Record excerpts ::
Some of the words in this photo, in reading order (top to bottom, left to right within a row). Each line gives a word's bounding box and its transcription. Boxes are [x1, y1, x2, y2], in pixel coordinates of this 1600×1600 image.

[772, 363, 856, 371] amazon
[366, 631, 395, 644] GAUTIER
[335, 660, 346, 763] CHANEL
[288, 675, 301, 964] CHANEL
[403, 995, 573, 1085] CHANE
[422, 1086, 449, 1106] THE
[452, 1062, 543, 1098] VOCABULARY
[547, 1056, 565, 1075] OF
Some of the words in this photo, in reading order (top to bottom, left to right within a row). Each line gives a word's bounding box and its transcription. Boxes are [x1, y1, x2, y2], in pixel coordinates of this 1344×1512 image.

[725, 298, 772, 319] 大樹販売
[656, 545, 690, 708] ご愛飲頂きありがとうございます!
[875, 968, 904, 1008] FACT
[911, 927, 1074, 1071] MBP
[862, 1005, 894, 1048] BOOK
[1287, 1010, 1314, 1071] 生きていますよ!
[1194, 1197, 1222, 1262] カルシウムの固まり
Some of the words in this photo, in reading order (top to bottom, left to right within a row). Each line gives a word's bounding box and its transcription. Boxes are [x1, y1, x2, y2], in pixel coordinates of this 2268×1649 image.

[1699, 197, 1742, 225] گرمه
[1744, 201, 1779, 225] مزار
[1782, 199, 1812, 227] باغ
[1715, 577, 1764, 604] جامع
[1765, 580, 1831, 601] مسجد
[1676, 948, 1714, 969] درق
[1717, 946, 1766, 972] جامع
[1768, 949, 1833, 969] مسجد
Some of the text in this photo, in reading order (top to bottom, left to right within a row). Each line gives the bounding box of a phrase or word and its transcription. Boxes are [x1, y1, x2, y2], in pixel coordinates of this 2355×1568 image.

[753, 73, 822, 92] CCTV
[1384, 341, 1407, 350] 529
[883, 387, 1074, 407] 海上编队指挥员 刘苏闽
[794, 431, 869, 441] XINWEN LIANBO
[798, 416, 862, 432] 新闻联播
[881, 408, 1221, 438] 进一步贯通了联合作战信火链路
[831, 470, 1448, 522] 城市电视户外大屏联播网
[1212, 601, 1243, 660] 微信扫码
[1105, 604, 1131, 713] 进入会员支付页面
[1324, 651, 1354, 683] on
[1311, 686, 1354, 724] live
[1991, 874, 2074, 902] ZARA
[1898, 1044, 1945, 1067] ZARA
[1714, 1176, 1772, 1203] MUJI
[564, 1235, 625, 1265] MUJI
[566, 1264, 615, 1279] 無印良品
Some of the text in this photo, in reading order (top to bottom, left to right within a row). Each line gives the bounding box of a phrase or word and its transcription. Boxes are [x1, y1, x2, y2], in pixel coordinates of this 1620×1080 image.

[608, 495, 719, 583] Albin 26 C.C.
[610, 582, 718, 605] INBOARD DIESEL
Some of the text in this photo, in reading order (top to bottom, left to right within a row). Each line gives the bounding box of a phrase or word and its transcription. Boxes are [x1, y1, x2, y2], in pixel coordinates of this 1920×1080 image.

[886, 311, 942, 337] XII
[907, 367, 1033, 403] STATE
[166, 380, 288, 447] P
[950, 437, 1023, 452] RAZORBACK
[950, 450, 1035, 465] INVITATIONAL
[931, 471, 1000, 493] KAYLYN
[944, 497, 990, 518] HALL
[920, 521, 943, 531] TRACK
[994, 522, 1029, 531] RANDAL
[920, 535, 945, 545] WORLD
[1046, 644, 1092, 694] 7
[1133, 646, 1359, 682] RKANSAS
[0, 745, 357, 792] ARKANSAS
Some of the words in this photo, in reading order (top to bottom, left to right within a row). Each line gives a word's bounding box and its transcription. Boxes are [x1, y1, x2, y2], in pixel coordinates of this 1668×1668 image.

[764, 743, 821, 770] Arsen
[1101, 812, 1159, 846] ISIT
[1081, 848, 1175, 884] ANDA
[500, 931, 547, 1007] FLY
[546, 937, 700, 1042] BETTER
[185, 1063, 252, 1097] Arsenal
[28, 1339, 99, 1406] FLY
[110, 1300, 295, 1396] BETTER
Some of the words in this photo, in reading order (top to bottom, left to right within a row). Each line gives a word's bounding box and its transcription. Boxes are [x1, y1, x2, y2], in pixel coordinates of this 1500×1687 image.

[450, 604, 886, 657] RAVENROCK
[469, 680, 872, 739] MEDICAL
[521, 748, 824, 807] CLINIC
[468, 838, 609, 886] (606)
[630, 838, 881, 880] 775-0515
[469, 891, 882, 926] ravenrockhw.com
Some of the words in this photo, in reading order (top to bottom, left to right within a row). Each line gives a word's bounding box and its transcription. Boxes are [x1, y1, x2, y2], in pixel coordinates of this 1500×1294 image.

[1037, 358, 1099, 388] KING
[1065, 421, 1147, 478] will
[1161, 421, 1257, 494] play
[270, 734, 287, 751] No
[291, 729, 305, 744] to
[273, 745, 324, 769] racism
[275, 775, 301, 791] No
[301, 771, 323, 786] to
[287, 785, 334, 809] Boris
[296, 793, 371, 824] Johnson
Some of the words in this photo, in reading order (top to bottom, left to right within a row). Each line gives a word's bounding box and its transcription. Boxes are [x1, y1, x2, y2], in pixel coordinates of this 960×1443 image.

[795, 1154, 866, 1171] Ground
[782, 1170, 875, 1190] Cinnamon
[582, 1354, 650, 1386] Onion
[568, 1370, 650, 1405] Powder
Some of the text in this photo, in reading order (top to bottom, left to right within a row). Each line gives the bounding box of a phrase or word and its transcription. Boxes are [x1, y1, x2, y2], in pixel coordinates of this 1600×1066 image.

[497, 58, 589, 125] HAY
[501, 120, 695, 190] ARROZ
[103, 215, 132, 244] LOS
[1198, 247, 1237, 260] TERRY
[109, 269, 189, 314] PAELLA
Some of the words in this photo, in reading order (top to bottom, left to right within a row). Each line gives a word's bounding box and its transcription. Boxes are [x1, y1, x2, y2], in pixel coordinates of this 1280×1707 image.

Your goal ::
All of the records above are to be printed again exactly as they appear.

Answer box ::
Some of the words in this photo, in reading order (top to bottom, left to right within a row). Each line gives a word's bounding box and its transcription. Boxes are [x1, y1, x2, y2], in pixel coordinates of this 1600×1600 image.

[772, 363, 856, 371] amazon
[366, 631, 395, 644] GAUTIER
[335, 660, 346, 763] CHANEL
[288, 675, 301, 964] CHANEL
[403, 995, 573, 1085] CHANE
[422, 1086, 449, 1106] THE
[452, 1062, 543, 1098] VOCABULARY
[547, 1056, 565, 1075] OF
Some of the words in this photo, in reading order (top to bottom, left to right within a row). Each line gives a word's bounding box and its transcription. Boxes are [x1, y1, x2, y2], in pixel coordinates of this 1344×1512 image.

[725, 298, 772, 319] 大樹販売
[656, 545, 690, 708] ご愛飲頂きありがとうございます!
[875, 968, 904, 1008] FACT
[911, 927, 1074, 1071] MBP
[862, 1005, 894, 1048] BOOK
[1287, 1010, 1314, 1071] 生きていますよ!
[1194, 1197, 1222, 1262] カルシウムの固まり
Some of the words in this photo, in reading order (top to bottom, left to right within a row). Each line gives a word's bounding box and its transcription. Boxes are [x1, y1, x2, y2], in pixel coordinates of this 2268×1649 image.

[1699, 197, 1742, 225] گرمه
[1744, 201, 1779, 225] مزار
[1782, 199, 1812, 227] باغ
[1715, 577, 1764, 604] جامع
[1765, 580, 1831, 601] مسجد
[1676, 948, 1714, 969] درق
[1717, 946, 1766, 972] جامع
[1768, 949, 1833, 969] مسجد
Some of the text in this photo, in reading order (top to bottom, left to right within a row). Each line gives the bounding box of a phrase or word and its transcription. Boxes are [x1, y1, x2, y2], in pixel coordinates of this 2355×1568 image.

[753, 73, 822, 92] CCTV
[1384, 341, 1407, 350] 529
[883, 387, 1074, 407] 海上编队指挥员 刘苏闽
[794, 431, 869, 441] XINWEN LIANBO
[798, 416, 862, 432] 新闻联播
[881, 408, 1221, 438] 进一步贯通了联合作战信火链路
[831, 470, 1448, 522] 城市电视户外大屏联播网
[1212, 601, 1243, 660] 微信扫码
[1105, 604, 1131, 713] 进入会员支付页面
[1324, 651, 1354, 683] on
[1311, 686, 1354, 724] live
[1991, 874, 2074, 902] ZARA
[1898, 1044, 1945, 1067] ZARA
[1714, 1176, 1772, 1203] MUJI
[564, 1235, 625, 1265] MUJI
[566, 1264, 615, 1279] 無印良品
Some of the text in this photo, in reading order (top to bottom, left to right within a row). Each line gives the bounding box of a phrase or word and its transcription. Boxes are [x1, y1, x2, y2], in pixel coordinates of this 1620×1080 image.

[608, 495, 719, 583] Albin 26 C.C.
[610, 582, 718, 605] INBOARD DIESEL
Some of the text in this photo, in reading order (top to bottom, left to right within a row). Each line gives the bounding box of a phrase or word and its transcription. Boxes are [x1, y1, x2, y2], in pixel coordinates of this 1920×1080 image.

[886, 311, 942, 337] XII
[907, 367, 1033, 403] STATE
[166, 380, 288, 447] P
[950, 437, 1023, 452] RAZORBACK
[950, 450, 1035, 465] INVITATIONAL
[931, 471, 1000, 493] KAYLYN
[944, 497, 990, 518] HALL
[920, 521, 943, 531] TRACK
[994, 522, 1029, 531] RANDAL
[920, 535, 945, 545] WORLD
[1046, 644, 1092, 694] 7
[1133, 646, 1359, 682] RKANSAS
[0, 745, 357, 792] ARKANSAS
Some of the words in this photo, in reading order (top to bottom, left to right within a row). Each line gives a word's bounding box and its transcription. Boxes are [x1, y1, x2, y2], in pixel coordinates of this 1668×1668 image.

[764, 743, 821, 770] Arsen
[1101, 812, 1159, 846] ISIT
[1081, 848, 1175, 884] ANDA
[500, 931, 547, 1007] FLY
[546, 937, 700, 1042] BETTER
[185, 1063, 252, 1097] Arsenal
[28, 1339, 99, 1406] FLY
[110, 1300, 295, 1396] BETTER
Some of the words in this photo, in reading order (top to bottom, left to right within a row). Each line gives a word's bounding box and its transcription. Boxes are [x1, y1, x2, y2], in pixel coordinates of this 1500×1687 image.

[450, 604, 886, 657] RAVENROCK
[469, 680, 872, 739] MEDICAL
[521, 748, 824, 807] CLINIC
[468, 838, 609, 886] (606)
[630, 838, 881, 880] 775-0515
[469, 891, 882, 926] ravenrockhw.com
Some of the words in this photo, in reading order (top to bottom, left to right within a row). Each line gives a word's bounding box and its transcription. Boxes are [x1, y1, x2, y2], in pixel coordinates of this 1500×1294 image.

[1037, 358, 1099, 388] KING
[1065, 421, 1147, 478] will
[1161, 421, 1257, 494] play
[270, 734, 287, 751] No
[291, 729, 305, 744] to
[273, 745, 324, 769] racism
[275, 775, 301, 791] No
[301, 771, 323, 786] to
[287, 785, 334, 809] Boris
[296, 793, 371, 824] Johnson
Some of the words in this photo, in reading order (top to bottom, left to right within a row). Each line gives a word's bounding box and its transcription. Boxes are [x1, y1, x2, y2], in pixel coordinates of this 960×1443 image.

[795, 1154, 866, 1171] Ground
[782, 1170, 875, 1190] Cinnamon
[582, 1354, 650, 1386] Onion
[568, 1370, 650, 1405] Powder
Some of the text in this photo, in reading order (top to bottom, left to right within a row). Each line gives the bounding box of a phrase or word and its transcription. Boxes are [x1, y1, x2, y2], in pixel coordinates of this 1600×1066 image.

[497, 58, 589, 125] HAY
[501, 120, 695, 190] ARROZ
[103, 215, 132, 244] LOS
[1198, 247, 1237, 260] TERRY
[109, 269, 189, 314] PAELLA
Some of the words in this photo, in reading order (top to bottom, left to right within a row). Each line gives a word's bounding box and its transcription. Boxes are [x1, y1, x2, y2], in pixel coordinates of this 1280×1707 image.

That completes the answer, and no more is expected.